九郎とのそれは、至ってなんでもない会話だった。なのにどうして言葉を詰まらせるほどに弁慶は動揺してしまったのか。
それはもしかしたら九郎の『目が離せない』という台詞が実際に的を得ていたからかもしれなかった。
彼には秘密裏にしていたが、九郎がここ一年、源氏の将として、鎌倉殿の名代として京でさまざまに追われている間、弁慶は薬師の用だと偽って……それこそ昔さながらに暗躍していた。
どうしても清盛を叩きたかった。しかも、できるだけ被害を押さえて。それには源氏に頼るわけにはいかず……本当は熊野水軍を頼れれば一番良かった。あの機動力が欲しかった。けれど兄は完全に隠居しているし、代替わりした別当は弁慶の事を嫌っている。あまりにも無理なことは最初から分かっていた。
ならば、この身を裂くしかない。
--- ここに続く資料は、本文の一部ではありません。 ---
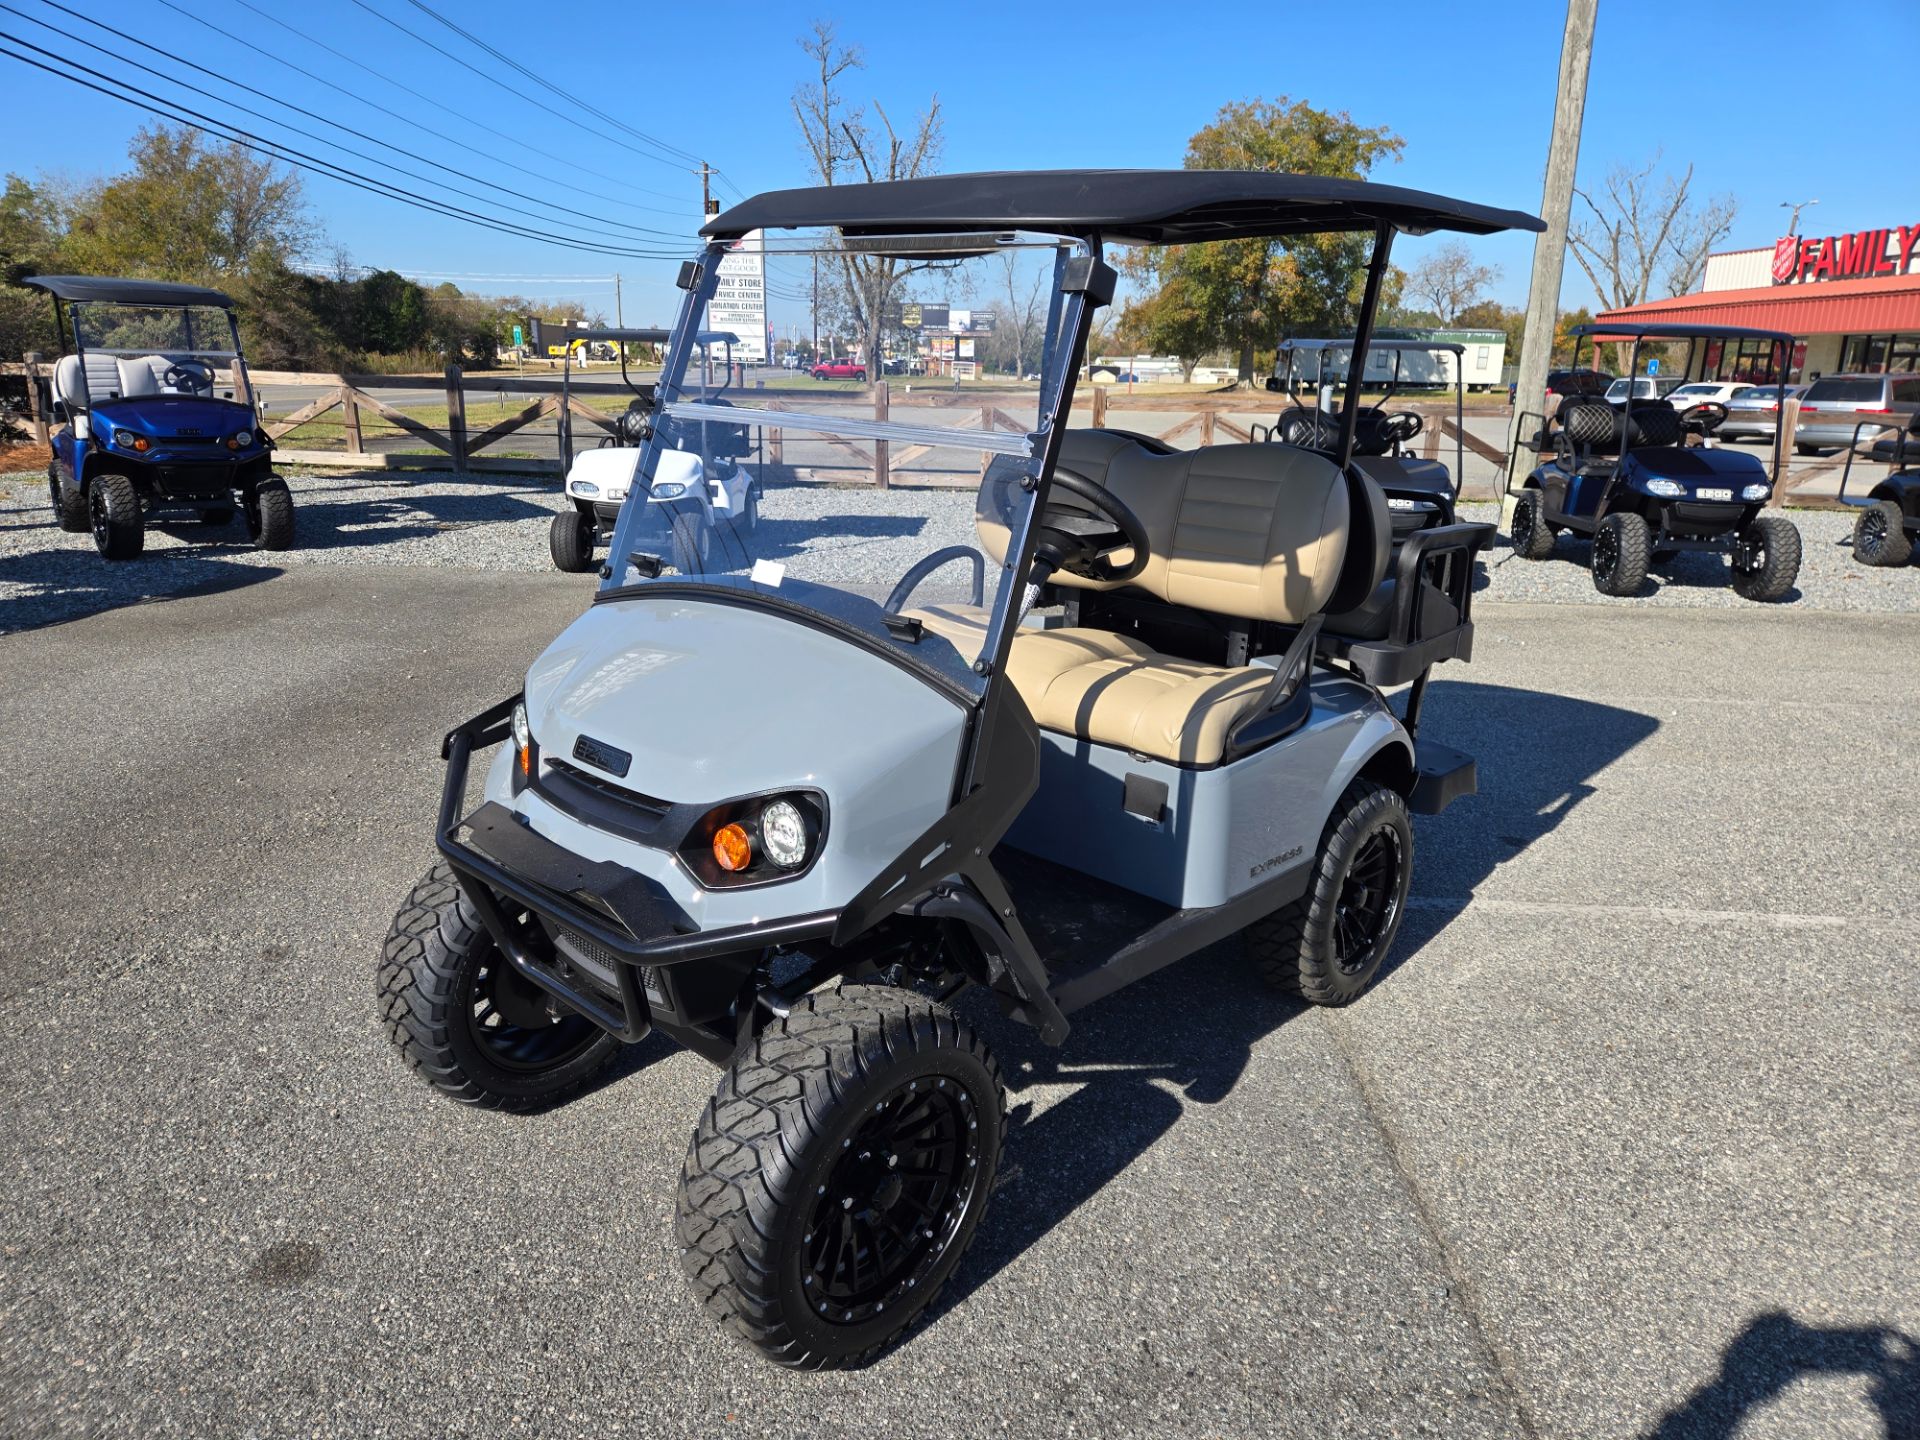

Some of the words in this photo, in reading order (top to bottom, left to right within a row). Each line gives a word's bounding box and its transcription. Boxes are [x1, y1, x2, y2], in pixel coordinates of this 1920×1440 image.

自分の名を出せば、清盛を釣ることなど、きっと簡単なのだから。そう思い、平家に裏切る算段を立てていた。
けれど。
その翌日は、本当ならば八葉皆で紅葉を見に行く予定だった。
きっかけは望美が京の紅葉を見てみたい、というささやかな呟き。ほんの日常会話の一幕でしかなかった言葉。けれど彼女を愛してやまない八葉からすれば、それは神託に等しくて、どこへ行こうか、いつ行こうか、などの具体的な計画は瞬く間に組み上がってしまった。
それに合わせて九郎も景時も調整をしていたし、おそらく将臣が今帰ってきたのもそういう理由だったのだろう。
勿論弁慶も、彼女のお伴として晩秋の景色を楽しむつもりだった。けれど……それは叶わない。昨日も一昨日も来なかった待ち人を、今日も一人待たねばならない。
ゆえに早朝、まだ皆が寝静まっているような頃合いに弁慶は屋敷を後にした。九郎にも言わず、途中梶原の家によって伝言は残してきたが、具体的な用件は告げずに京と福原の境界へ向かった。
結果として、弁慶の放った間者が来ることはなかった。
ただ……正午を回る少し前だろうか、見知らぬ男が一人、近づいてきた。
「……どうかされましたか?」
源氏の手のものではない様子、ならば患者だろうか? 薬師を装って柔らかに弁慶は問う。すると男はずい、と書状を突然差し出してきた。反射的に薙刀を掴み後ろに飛びのくも、男は言った。
「余計な血を流すことは還内府殿の望みではない」
還内府。その名に弁慶は目を見張る。
「……」
無言で探る、けれど相手も黙ったままだったので、仕方なく弁慶は書状を受け取り、開いた。
一体何が、思ったけれど、中身は拍子抜けするほど短かった。
『思惑はなんとなく理解するが、和議を反古にされた今、最早手を組むつもりはない。それにこちらは頼朝だけでなく九郎義経の首も狙っている。残念ながらお前とは相容れない』
昨日九郎がしたためていたものの半分にも満たない、形式もない中身。だというのにそれはあまりにも……あまりにも、弁慶の思惑を砕くには十分すぎて、かつ、なにより的確で。
「そうですか」
ああ。万策尽きた。衝動的に、ぐしゃりとそれを握りつぶした。
その後、弁慶は何をしていたか、自分でも定かではない。ただ、気付いたら桂川のほとりで寝ころんでいた。闇が落ちて何も見えなくなったことで我に返った。
それでもなお帰りたい気分ではなかったが、ここにいてもどうにもならないし、冷えてきたから火が欲しい、と、単純に思って、弁慶はよろよろと立ちあがった。
だから、六条堀川に辿りついた時にはすっかりと夜になっていた。寝静まるには早い時間ではあったけれど、人の歩く時刻ではない。闇と静寂の中、黒の衣にすっぽりと包まれた弁慶は、とぼとぼと門をくぐり、しずしずと自室へ向かって行った。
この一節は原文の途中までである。